Your task: Copy each line below in which the string "phrase" occurs.

Data under study:
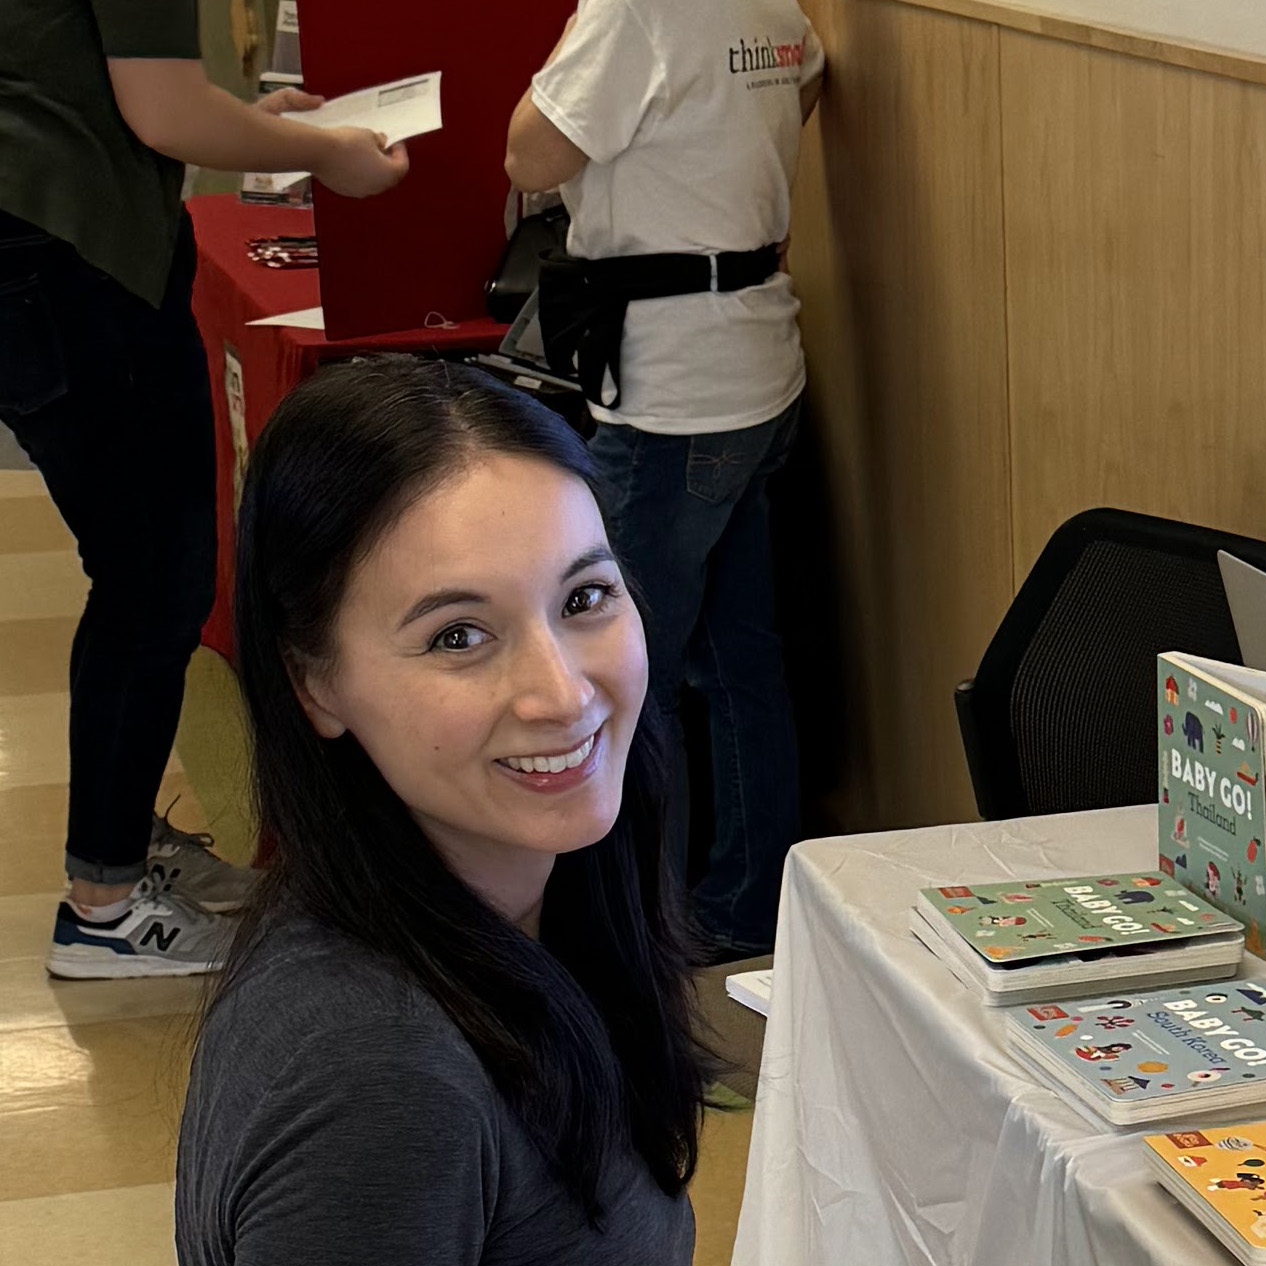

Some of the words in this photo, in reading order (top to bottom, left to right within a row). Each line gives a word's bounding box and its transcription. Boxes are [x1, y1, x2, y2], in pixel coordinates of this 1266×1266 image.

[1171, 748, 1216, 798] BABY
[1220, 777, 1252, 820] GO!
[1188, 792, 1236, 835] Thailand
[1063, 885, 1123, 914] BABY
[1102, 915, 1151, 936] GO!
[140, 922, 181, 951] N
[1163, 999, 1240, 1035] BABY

...

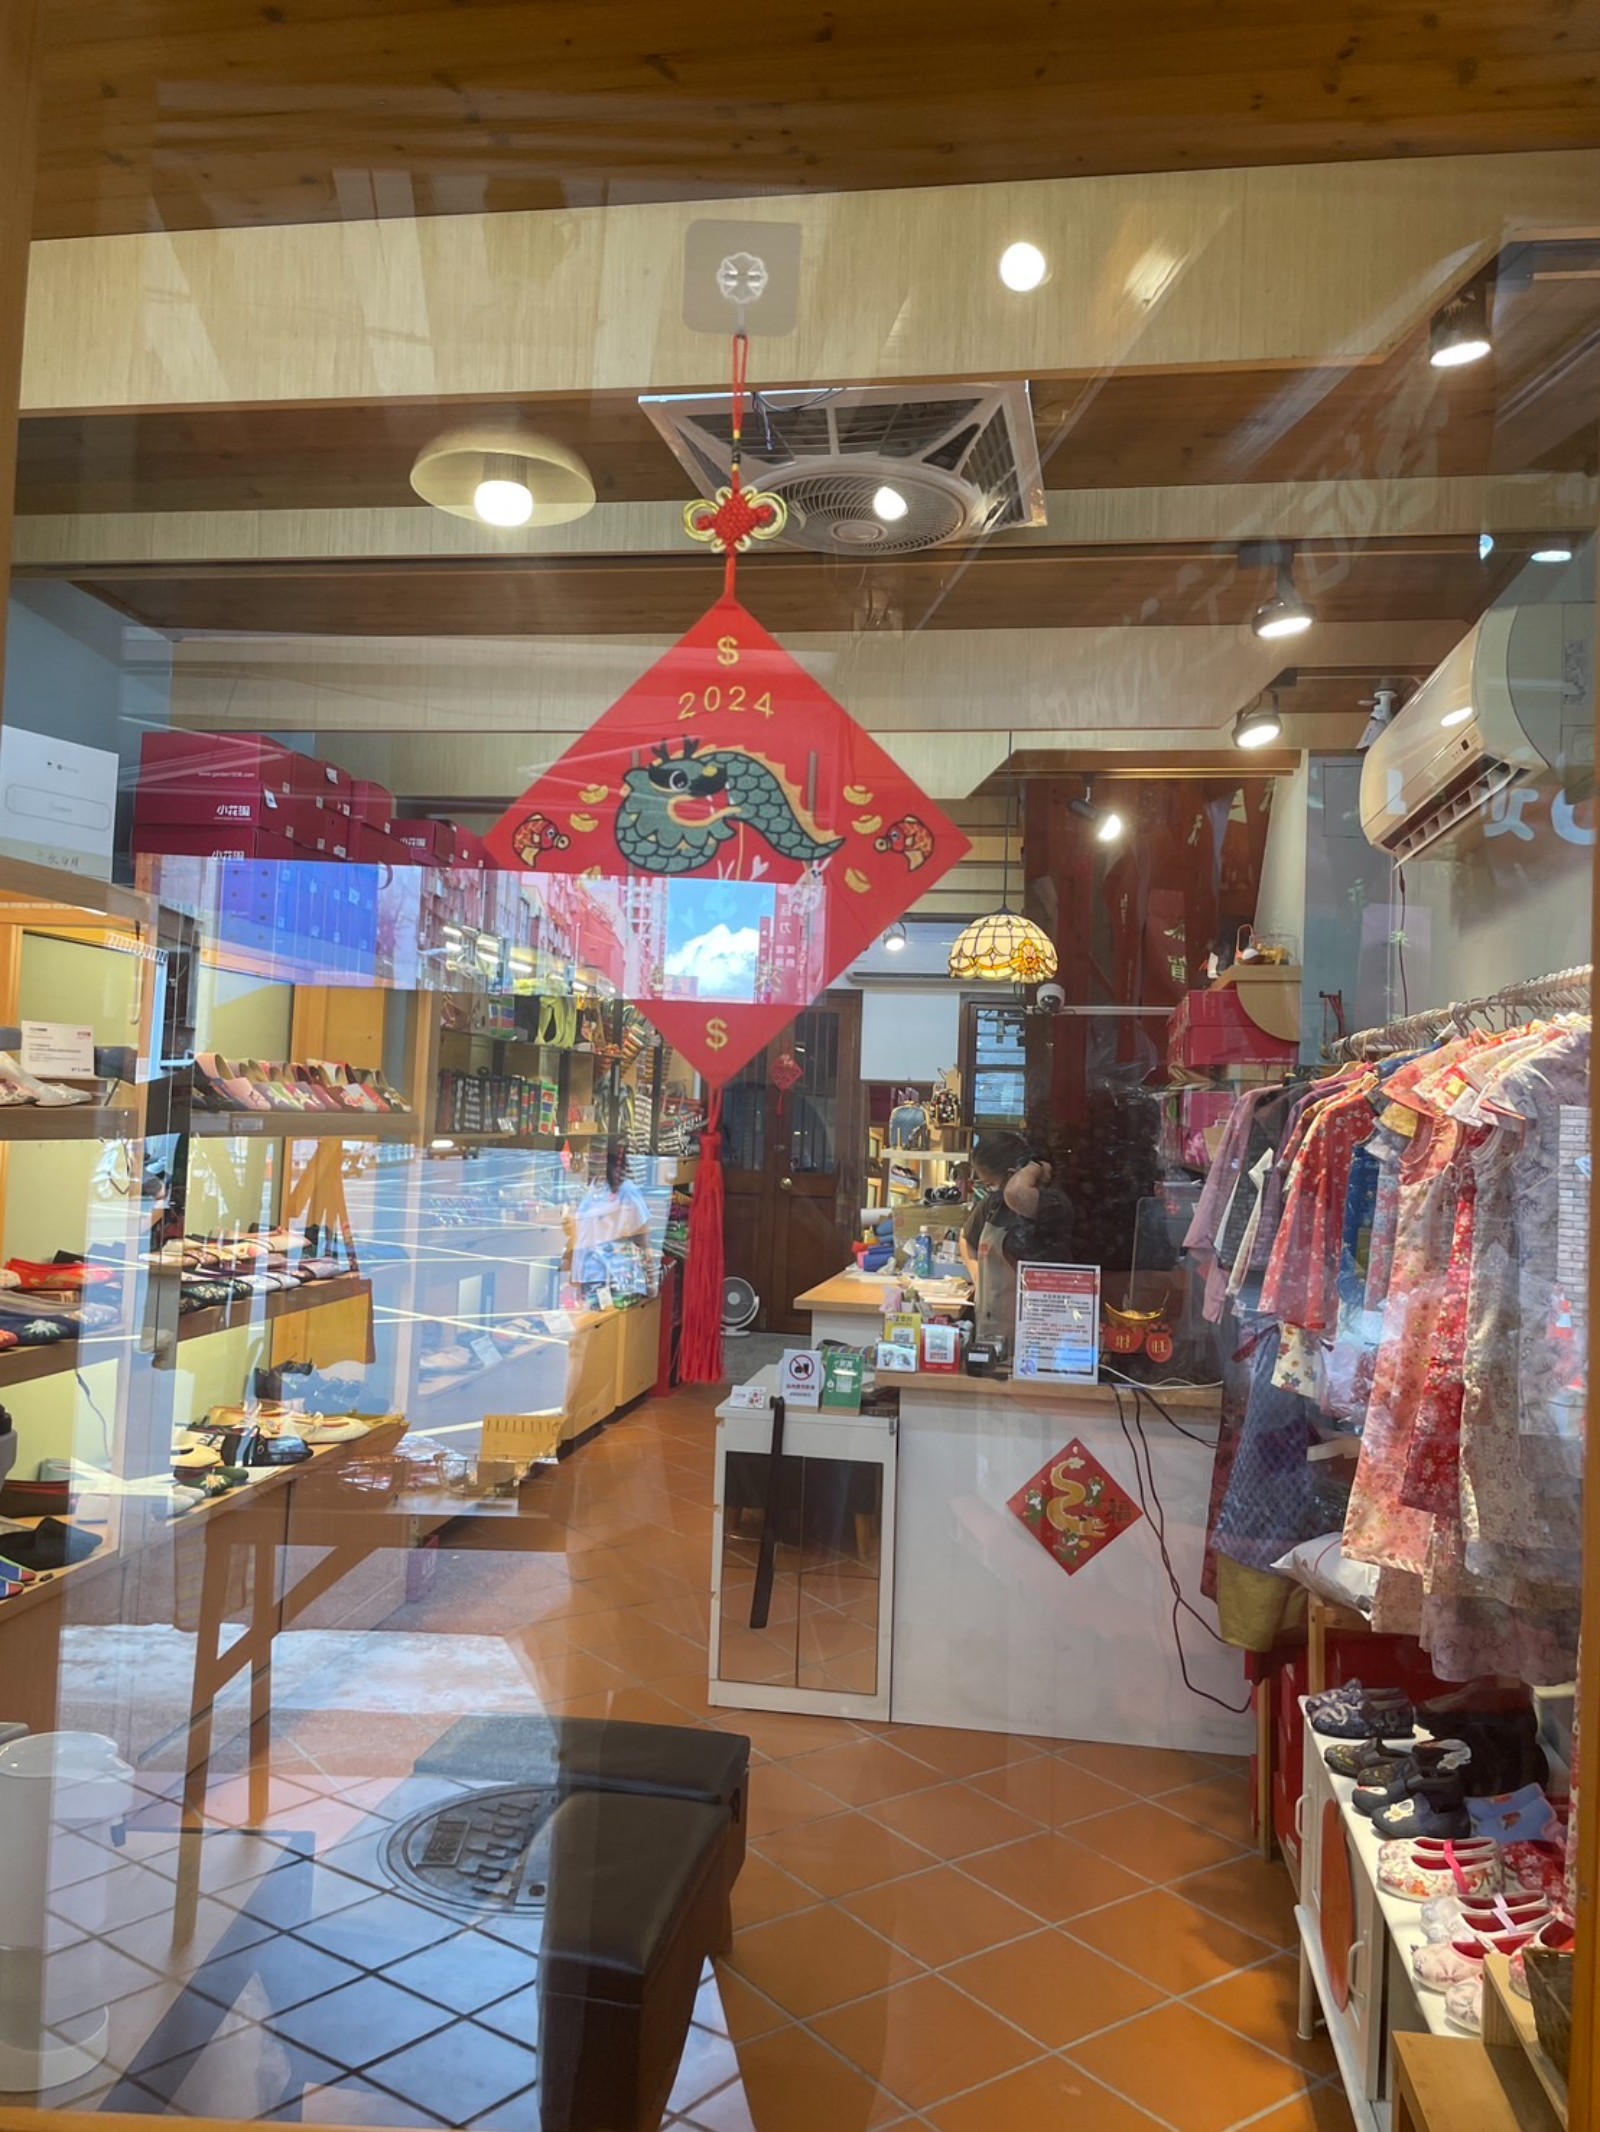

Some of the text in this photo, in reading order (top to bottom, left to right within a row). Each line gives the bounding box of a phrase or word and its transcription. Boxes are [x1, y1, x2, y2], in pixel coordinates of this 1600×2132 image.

==

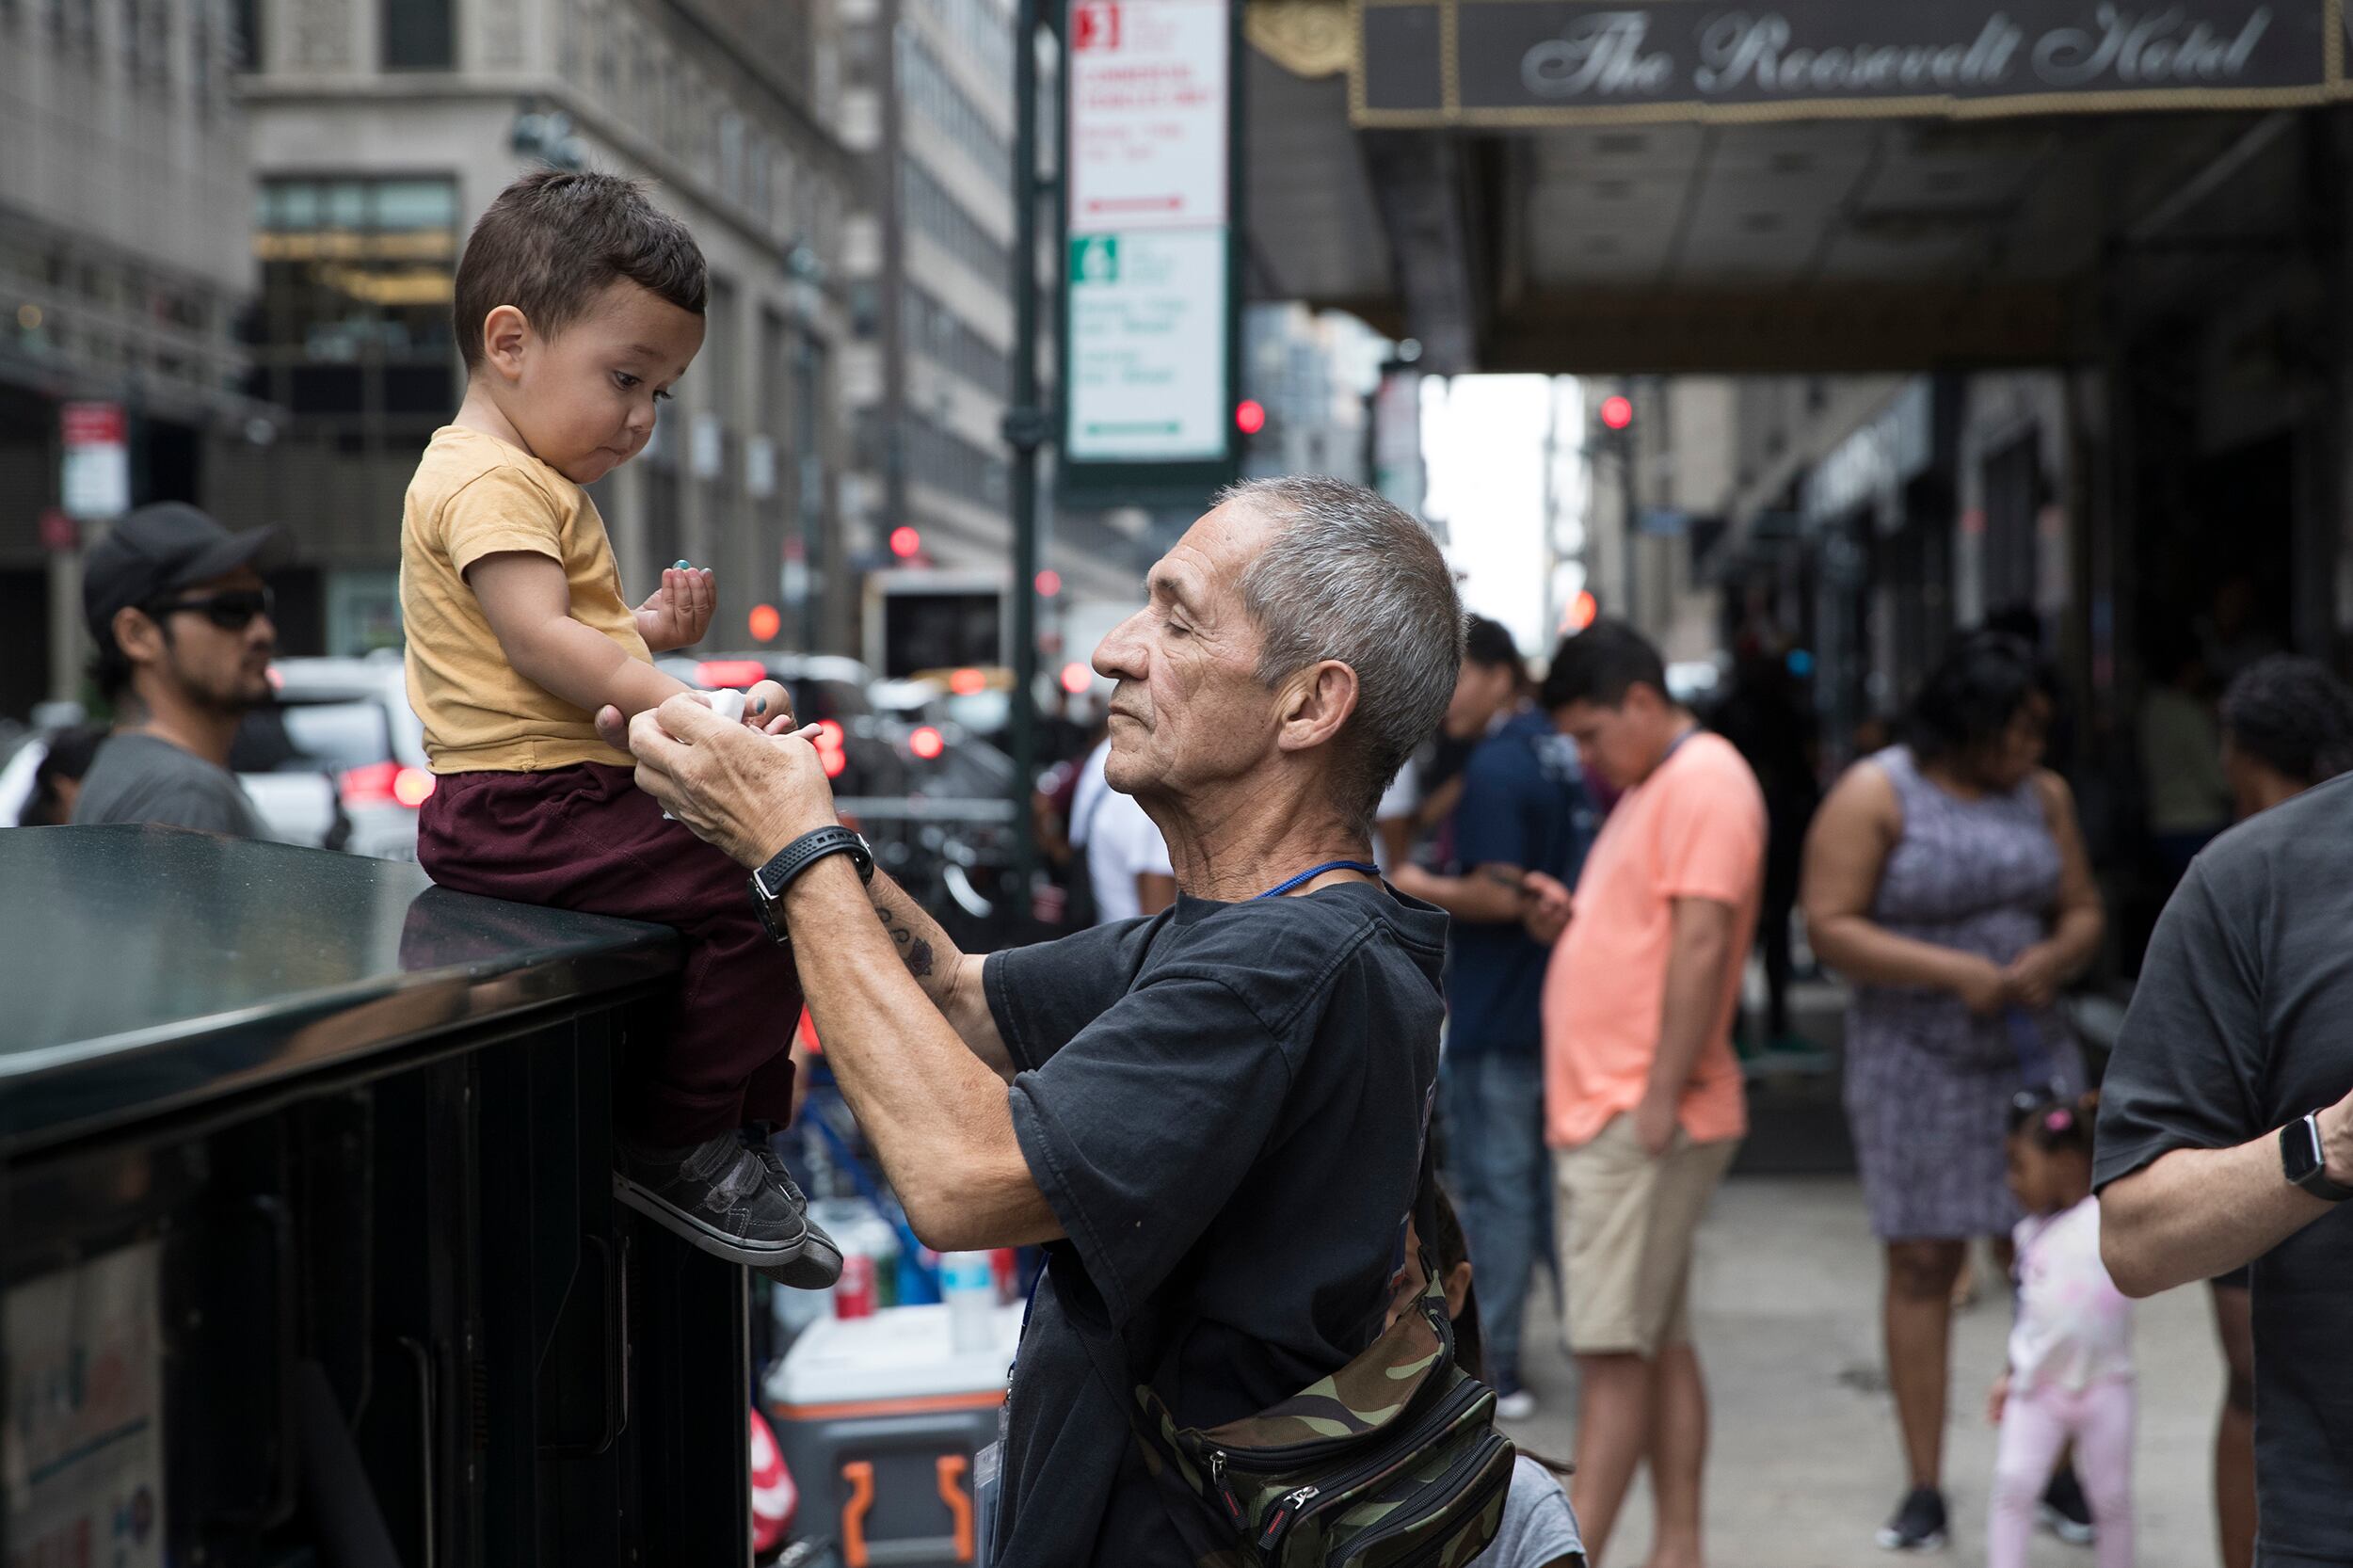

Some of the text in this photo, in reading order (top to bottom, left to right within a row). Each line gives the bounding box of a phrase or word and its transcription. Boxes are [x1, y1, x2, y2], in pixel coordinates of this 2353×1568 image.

Your solution:
Some of the text in this photo, in reading order (top to bottom, left to right within a row). Each line gives the bounding box of a phrase or word and its transcription. Boxes are [x1, y1, x2, y2], in pixel coordinates of this 1600×2132 image.
Some of the text in this photo, in reading order (top to bottom, left to right within a row). Each line gives the bounding box of a phrase or word and its transcription. Boxes are [x1, y1, x2, y2], in pixel coordinates of this 2353×1568 image.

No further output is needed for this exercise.